Wie vom Donner gerührt fuhr ich auf, so heftig, daß meine Matte wild schaukelte und mich abwarf. Am Boden kam ich zu mir. Ein Traum. Ein Alptraum. Zu kurz, um zu reagieren, aber zu heftig, um ihn zu vergessen. Ein flaues Gefühl machte sich in meinem Magen breit.
Trotzdem beschloß ich, ausgiebig zu frühstücken. Ich sammelte wilde Beeren und genehmigte mir Quellwasser und eine Scheibe Brot.
Noch eine Tagesreise bis zum Außenposten. Von dort sollte ich innerhalb eines weiteren Tages die Wohnstatt meines Meisters finden.

Dieser Tag schien sich endlos hinzuziehen. Außerdem hatte mich eine drängende Unruhe erfaßt. Ich erlaubte mir nicht, Rast zu machen. Ich aß im Gehen. Etwas trieb mich vorwärts. Das beunruhigende Gefühl meiner Träume nagte an mir. Ich war von zu hause aufgebrochen, weil mich diese Träume um den Verstand brachten. Meine Frau hatte nicht verstanden. Sie hatte versucht, mich mit Schlaftränken zu beruhigen. Traumlose Nächte. Schlimmer als Alpträume. Man hatte mich gelehrt, daß ein Traum Teil des Lebens ist, eine Verbindung mit dem Innersten. Wie konnte man ohne Träume leben? Es war furchtbar. Als hätte man mir einen Sinn genommen. Als wäre ich taub oder blind oder beides.
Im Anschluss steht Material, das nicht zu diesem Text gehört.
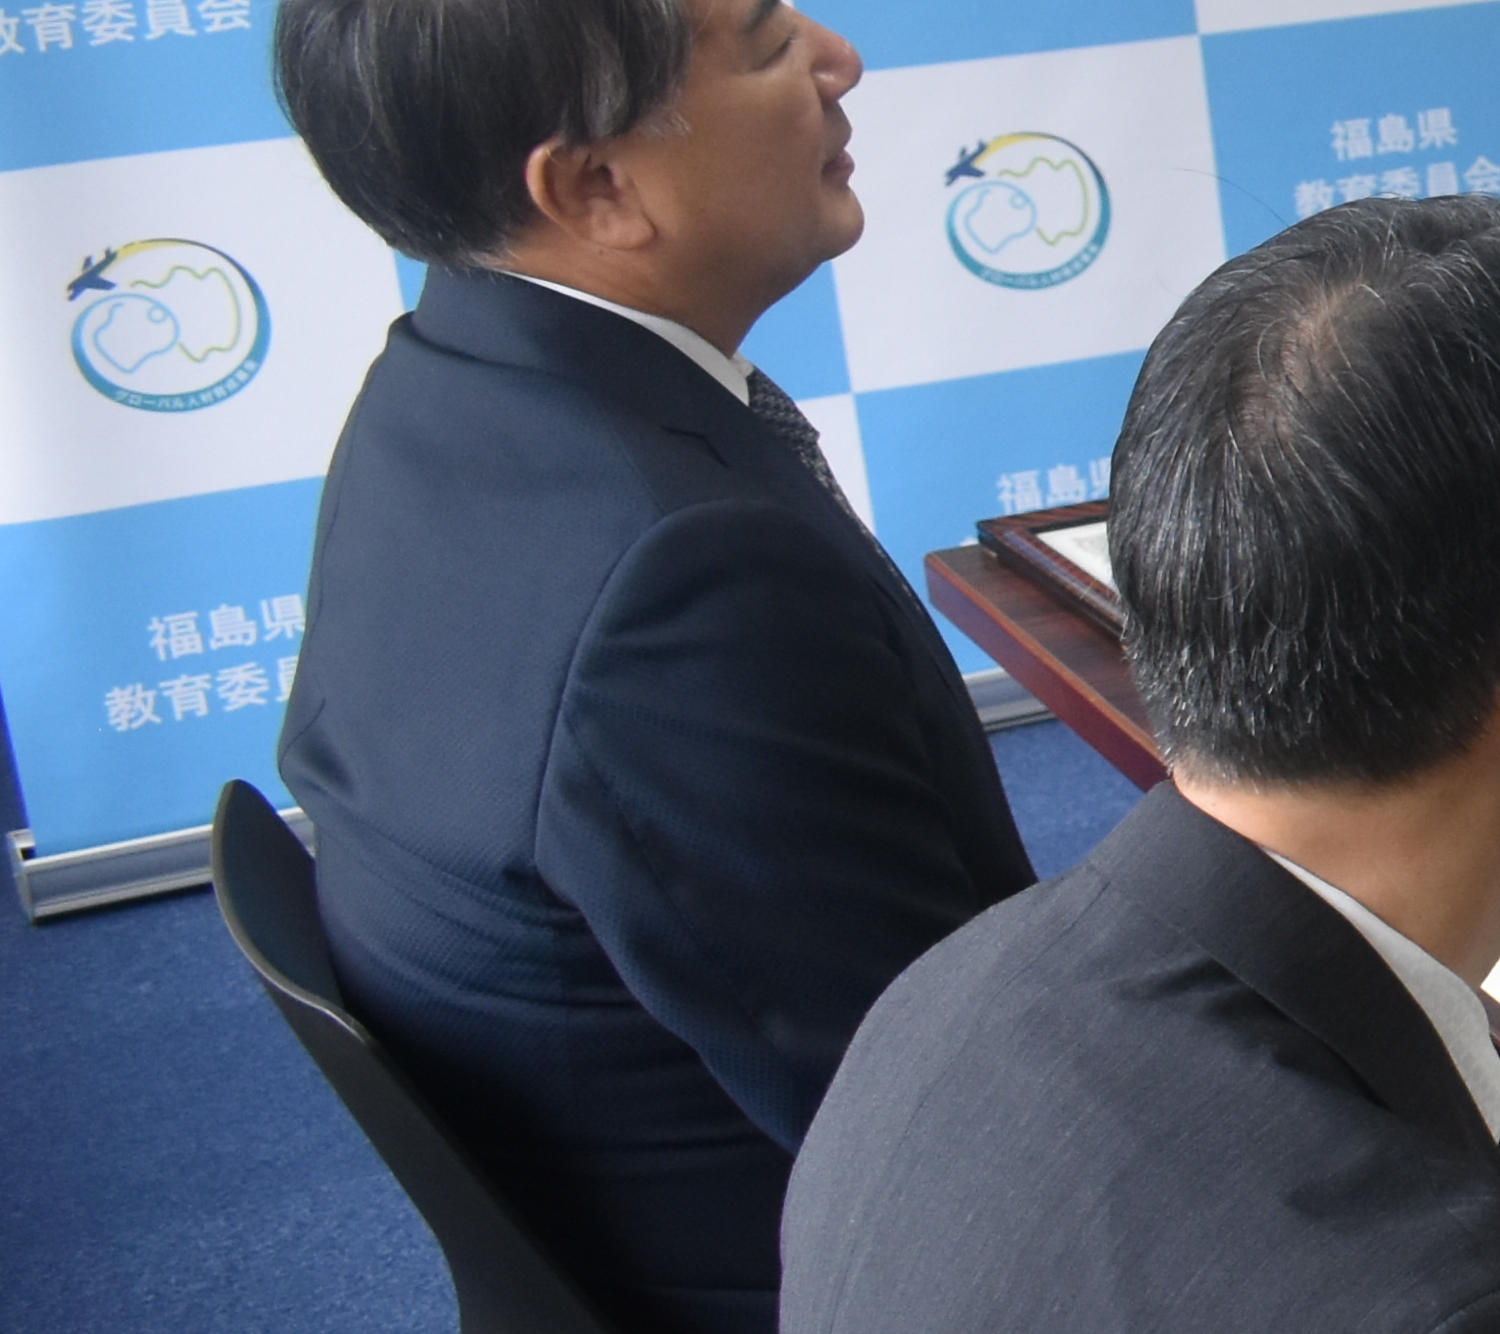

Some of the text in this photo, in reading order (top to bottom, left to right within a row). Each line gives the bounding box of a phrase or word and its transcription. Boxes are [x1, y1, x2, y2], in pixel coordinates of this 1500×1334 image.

[1330, 107, 1457, 161] 福島県
[148, 593, 306, 661] 福島県
Also schüttete ich den Schlaftrank weg. Lieber Alpträume, als dumpfe Sinne. Meine Frau versuchte, mir die Reise auszureden. Sie versuchte, mich zu überreden, eine weise Frau aufzusuchen. Aber diese bestärkte mich in dem Entschluß, meinem Meister einen Besuch abzustatten. Schließlich fügte sich meine Frau und gab mir alles mit, was ich für diesen Weg brauchen würde. Ich vermißte sie schon, kaum daß ich das Dorf hinter mir gelassen hatte. Aber die Träume trieben mich voran.
Schließlich erreichte ich den Außenposten. Seltsamerweise waren die Tore zur Stadt verschlossen. Ein einsamer Wächter stand auf den Mauern und blickte in meine Richtung. Ich näherte mich langsam dem Tor und klopfte an die Tür des Wachhauses. Ein Fenster in Augenhöhe wurde von innen geöffnet und ein mürrisches Gesicht blickte mich an. „Was wollt Ihr?“ , fragte der Wächter.
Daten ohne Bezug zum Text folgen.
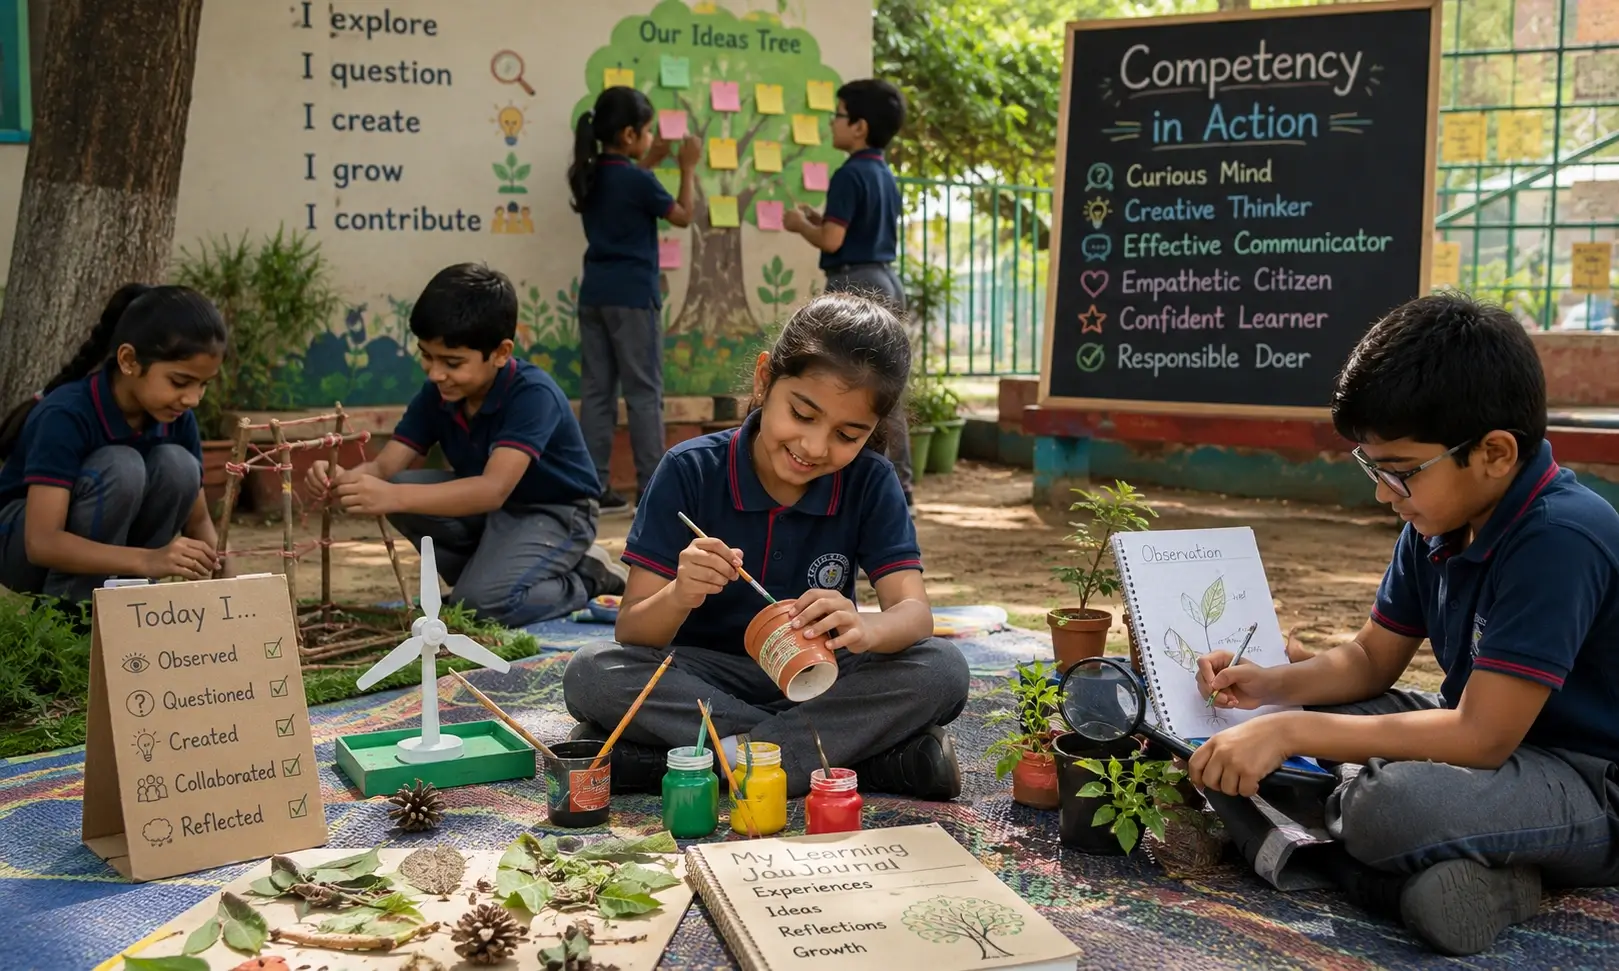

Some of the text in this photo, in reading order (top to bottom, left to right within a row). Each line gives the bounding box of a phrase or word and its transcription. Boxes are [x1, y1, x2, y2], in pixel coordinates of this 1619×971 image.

Ich erklärte ihm, das ich in der Stadt meine Vorräte auffrischen wollte und dann vorhatte, weiter in die Shancza – Berge vorzudringen. „Unmöglich! Die Grenze ist dicht! Die lassen keinen Menschen rein, geschweige denn wieder raus! Nur ein Verrückter wagt sich dorthin. Aber Eure Vorräte könnt Ihr auffrischen. Wir werden jedoch darauf achten, daß Ihr keine Dummheiten macht, Fremder!“ Damit schloß er das Fenster. Kurze Zeit später wurde ein schwerer Riegel zur Seite geschoben und ein Flügel des Tores ein Stück weit geöffnet. Ich schlüpfte hindurch und der Wächter schloß das Tor sofort wieder.
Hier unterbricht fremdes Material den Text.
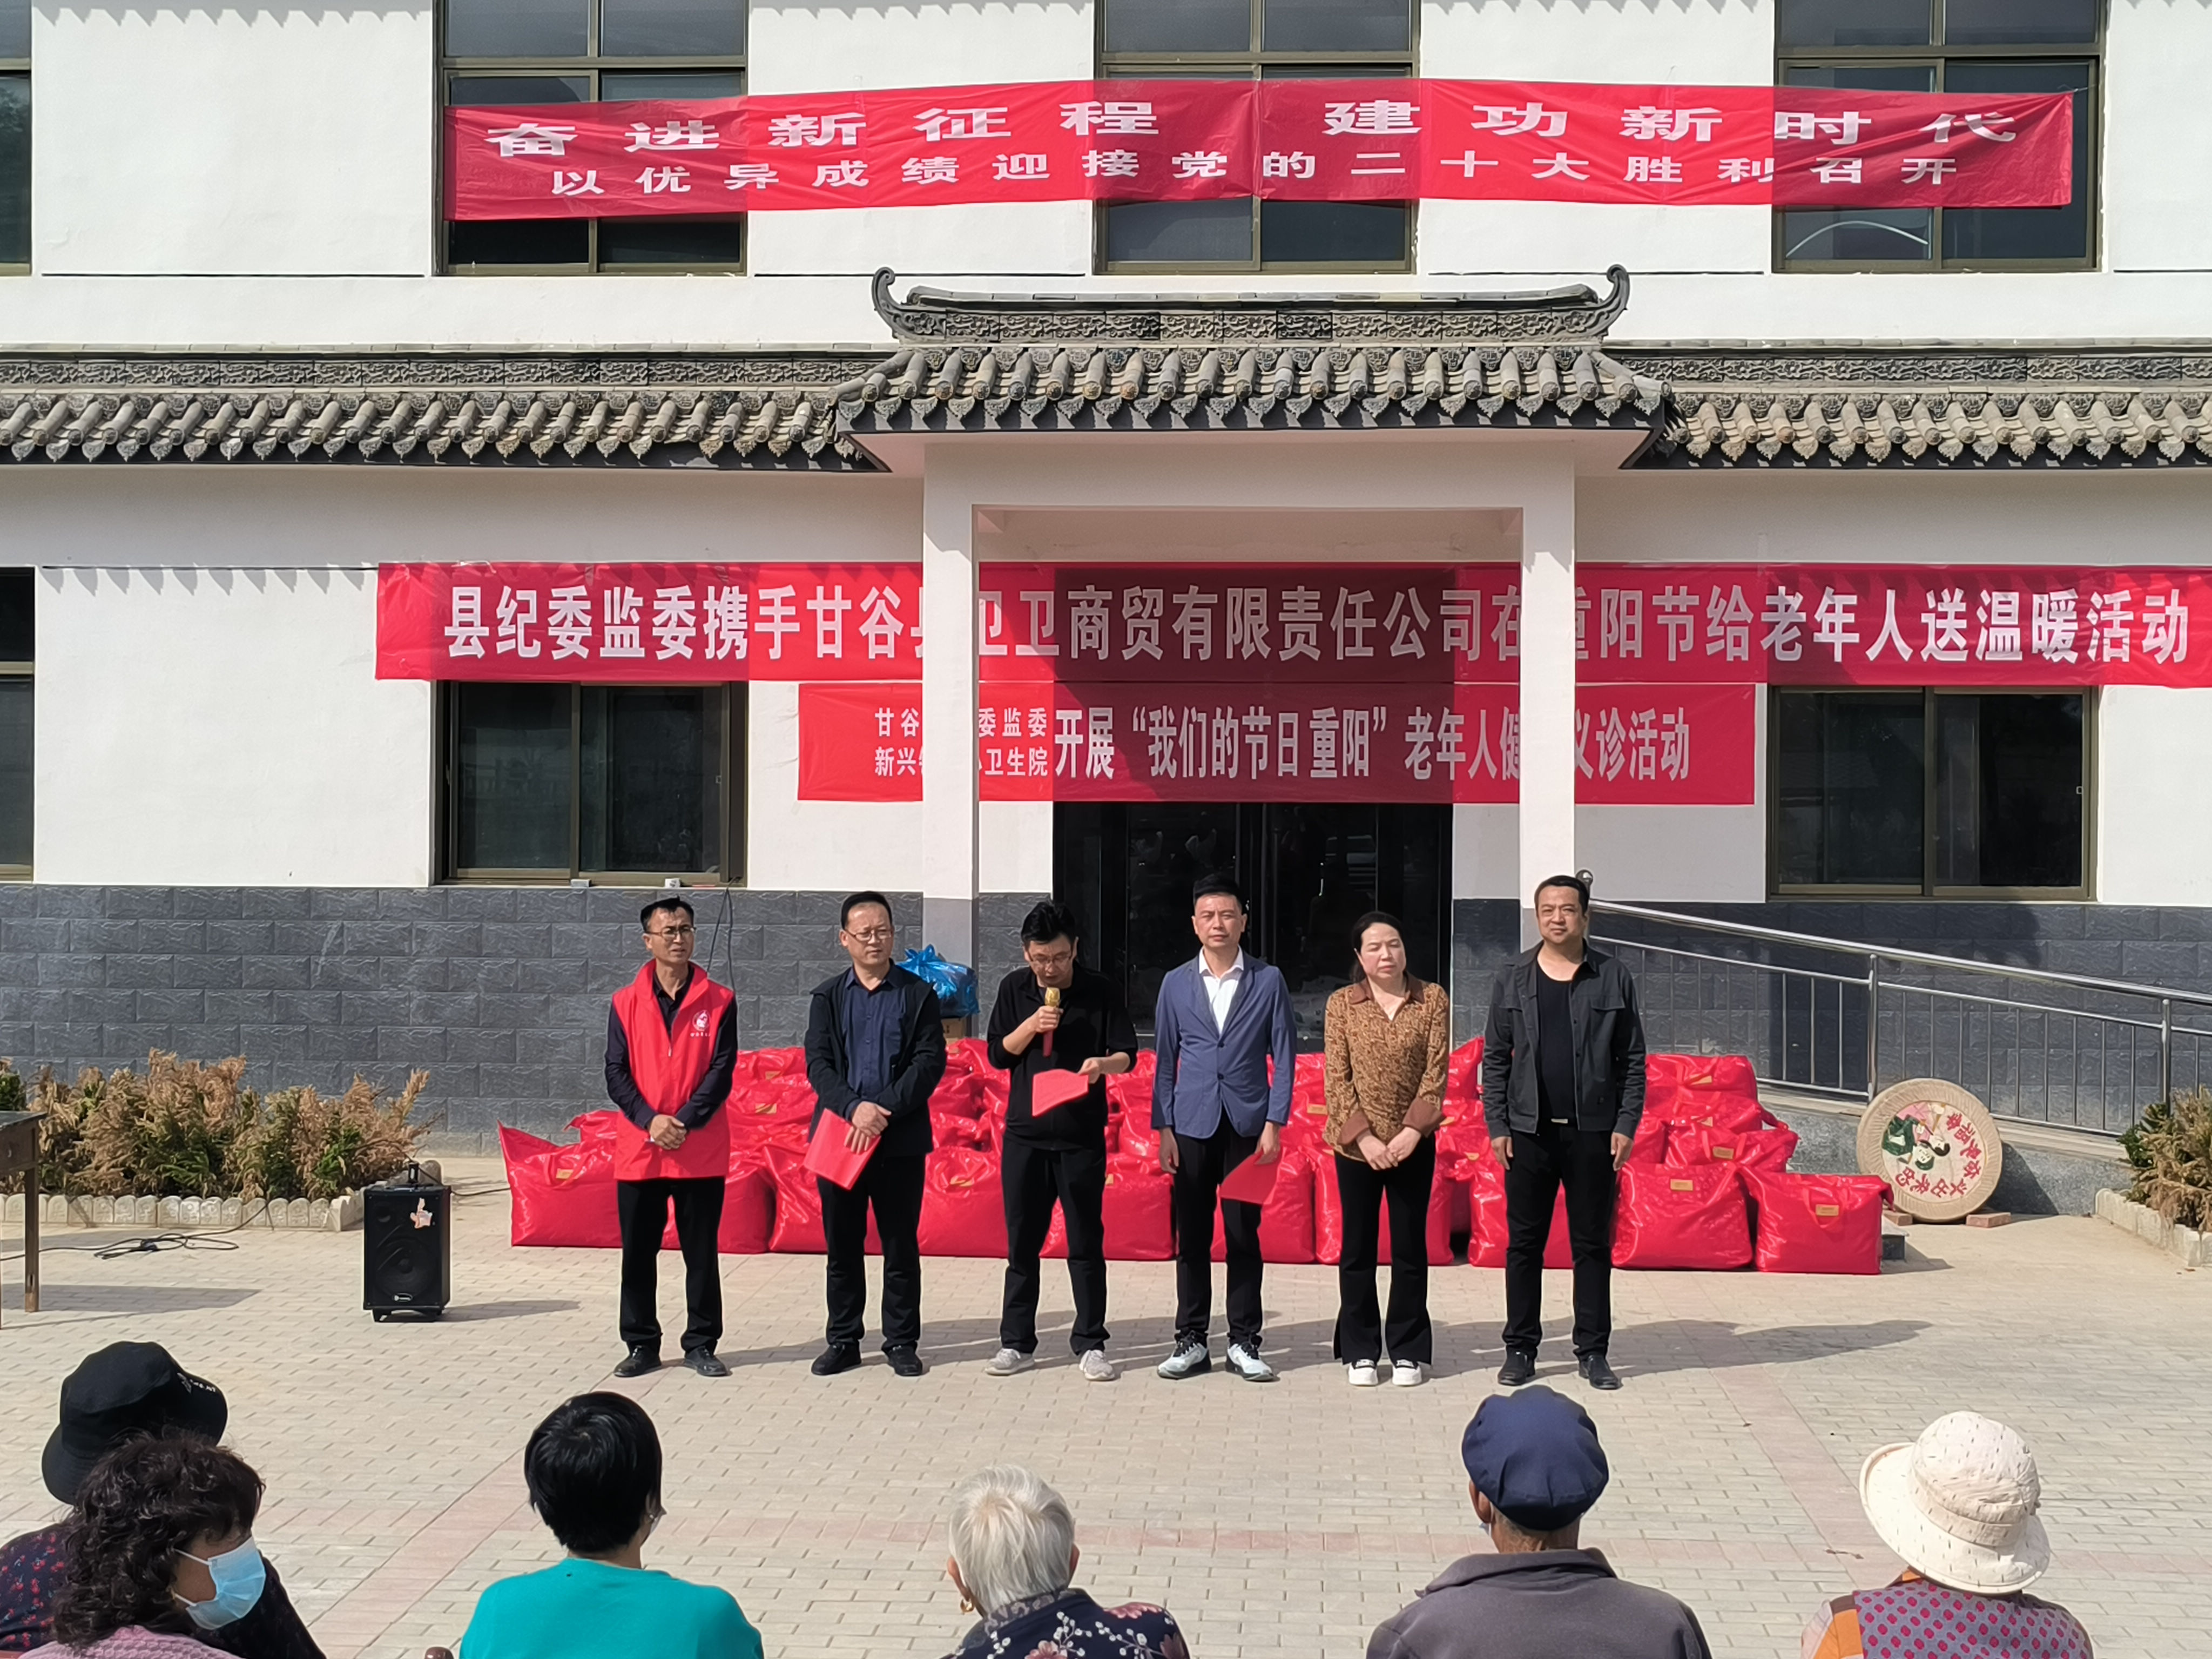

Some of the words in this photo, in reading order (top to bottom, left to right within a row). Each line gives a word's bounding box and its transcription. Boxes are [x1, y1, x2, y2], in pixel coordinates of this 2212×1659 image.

[485, 100, 1159, 157] 奋进新征程
[1323, 100, 2016, 144] 建功新时代
[552, 149, 1957, 196] 以优异成绩迎接党的二十大胜利召开
[444, 585, 2188, 664] 县纪委监委携手甘谷卫卫商贸有限责任公司在阳节给老年人送温暖活动
[875, 707, 1047, 737] 甘谷委监委
[875, 746, 1048, 777] 新兴卫生院
Wie sehr sich die Stadt verändert hatte. Ich hatte sie als einen freundlichen Ort in Erinnerung, wo Menschen lachten und den Markt bevölkerten und mit den seltsamen Traumfängern und Traumspielen ihrer exotischen Nachbarn handelten. Jetzt war der Markt beinah verlassen und kein traumhaftes Spielzeug aus der Welt jenseits der Stadt zierte die Buden, die noch standen.
Das beunruhigende Gefühl aus meinen Träumen beschlich mich, während ich auf dem Marktplatz spazierte. Die Menschen wirkten bedrückt. Und irgendwie müde. In ihren Augen war Resignation zu lesen. Bei einem dürren Händler kaufte ich Brot und Trockenfleisch. Auch einen Laib Käse gönnte ich mir. Obwohl ich mir Träumen von Reichtum immer wieder versagt hatte, hatte ich es doch immerhin in der Menschenwelt zu bescheidenem Wohlstand gebracht. Ich war kein armer Mann. Im Gegensatz zu den Menschen hier. Man sah, daß in der Stadt die Armut vor langer Zeit Einzug gehalten hatte. Ich beschloß, trotz der Warnung des Wächters, die Stadt auf der anderen Seite zu verlassen und meinen Meister aufzusuchen. Zumindest konnte er mir erzählen, was seit meiner Abwesenheit vorgefallen war. Und wenn er meine Träume las, konnte er mich vielleicht auch heilen.
Das andere Tor war besser bewacht. Und die Wachen ließen keinen Zweifel daran aufkommen, daß ich hier nicht durchgelassen werden würde.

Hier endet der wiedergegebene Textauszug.